■ EXERCISE PROMPT ■
The expected output is every line of the data exactly as shown, minus the images.

■ DATASET RECORDS ■
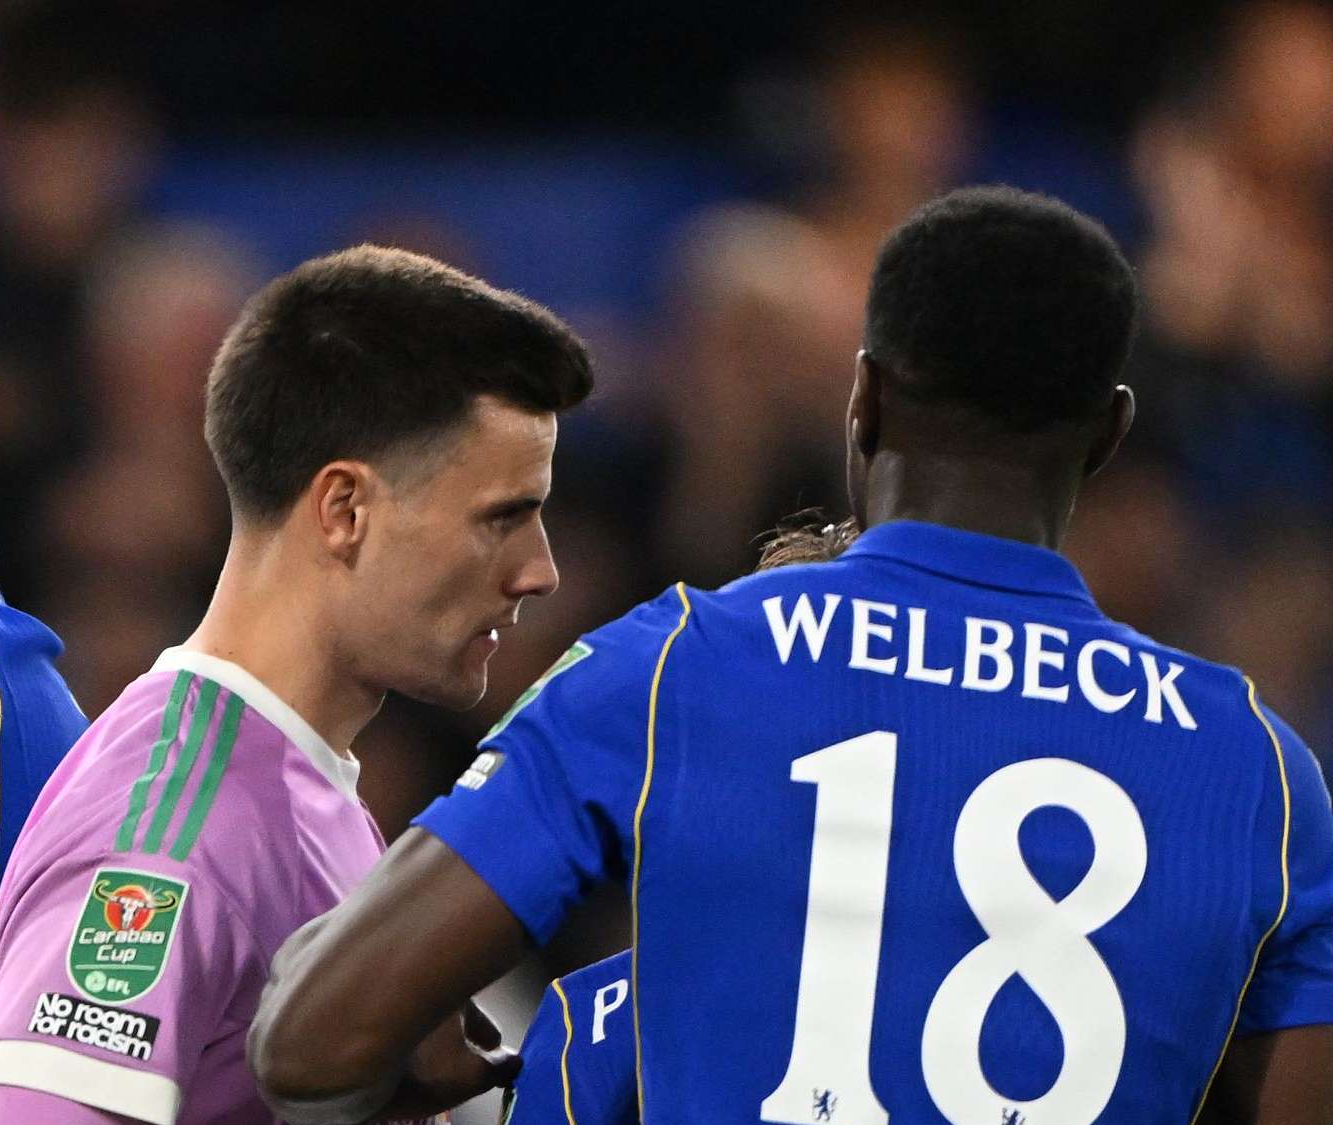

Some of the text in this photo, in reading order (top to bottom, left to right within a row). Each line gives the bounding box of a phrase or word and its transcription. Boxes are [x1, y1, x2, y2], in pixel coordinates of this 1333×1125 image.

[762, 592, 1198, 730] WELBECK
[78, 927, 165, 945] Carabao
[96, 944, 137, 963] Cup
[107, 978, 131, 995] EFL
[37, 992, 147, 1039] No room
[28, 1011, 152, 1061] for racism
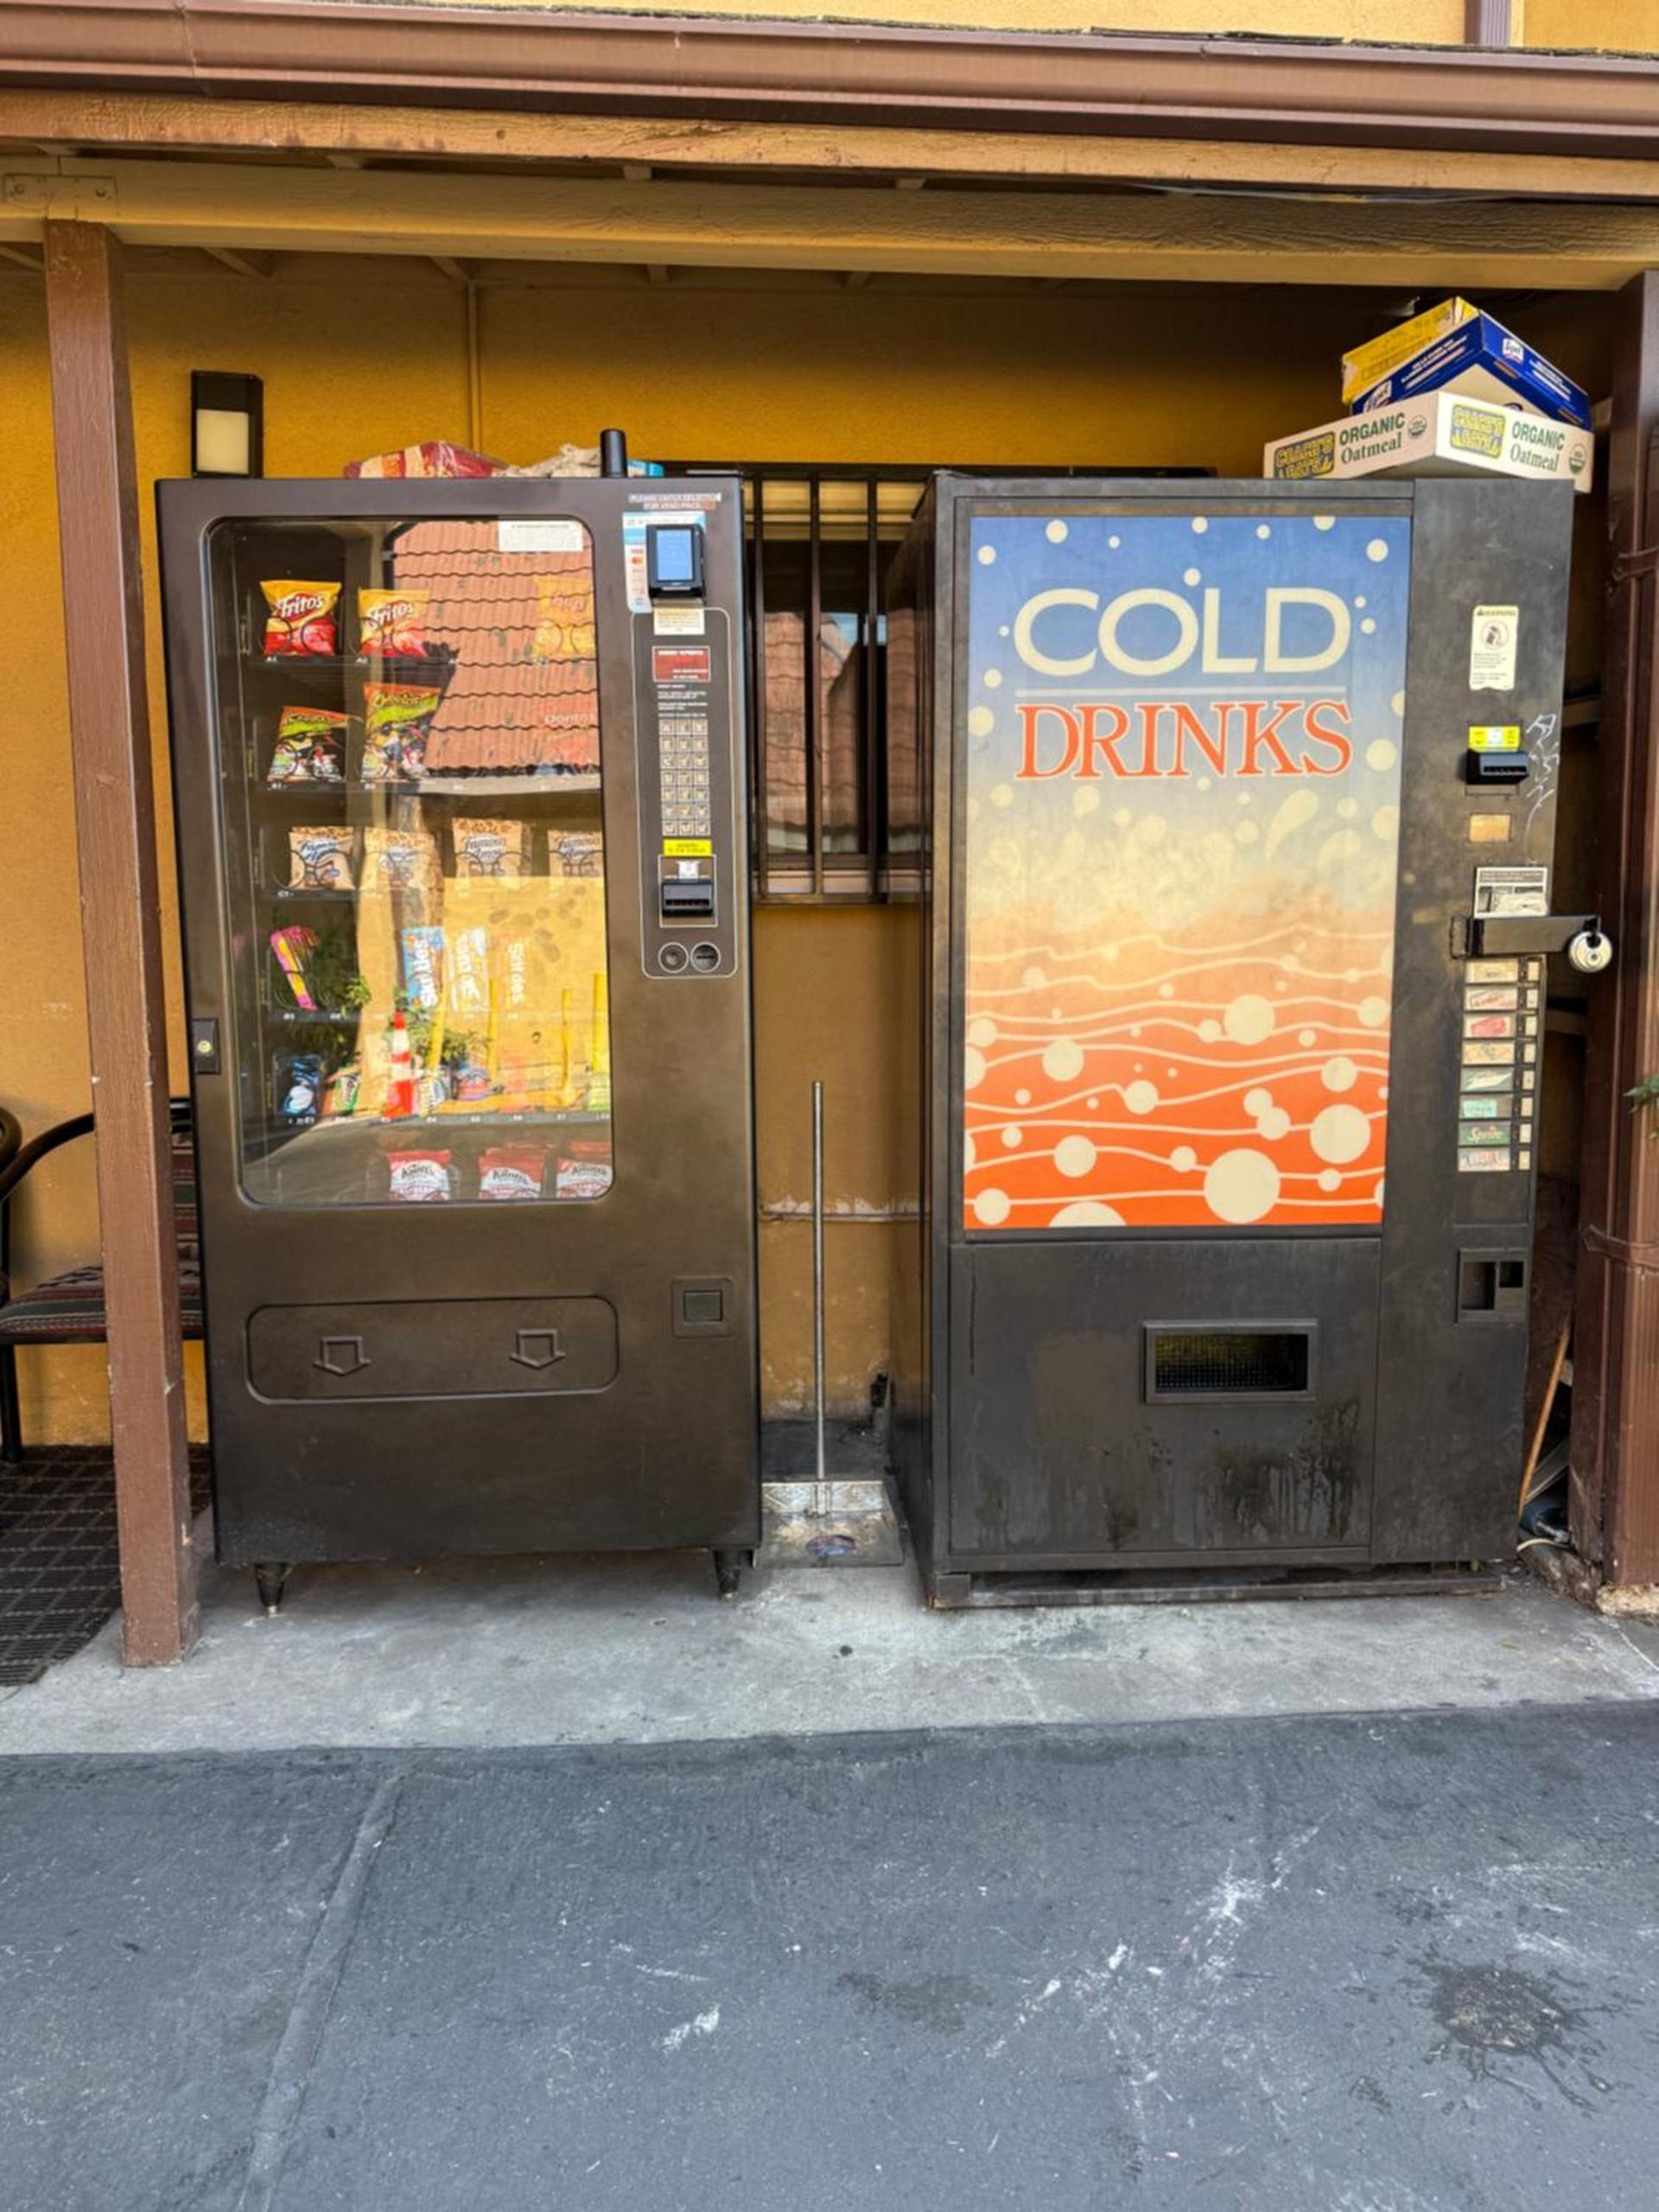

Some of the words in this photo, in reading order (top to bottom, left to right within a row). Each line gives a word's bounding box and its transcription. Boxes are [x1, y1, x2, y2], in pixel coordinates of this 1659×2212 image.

■ PROBLEM SOLUTION ■
Some of the text in this photo, in reading order (top to bottom, left to right within a row). Each line gives the bounding box of a phrase or word and its transcription. Boxes are [x1, y1, x2, y2], in pixel coordinates of this 1333×1125 image.

[762, 592, 1198, 730] WELBECK
[78, 927, 165, 945] Carabao
[96, 944, 137, 963] Cup
[107, 978, 131, 995] EFL
[37, 992, 147, 1039] No room
[28, 1011, 152, 1061] for racism

Some of the words in this photo, in reading order (top to bottom, left to right within a row). Each line gives a word's bounding box and its transcription. Boxes are [x1, y1, x2, y2], in pixel coordinates of this 1659×2212 image.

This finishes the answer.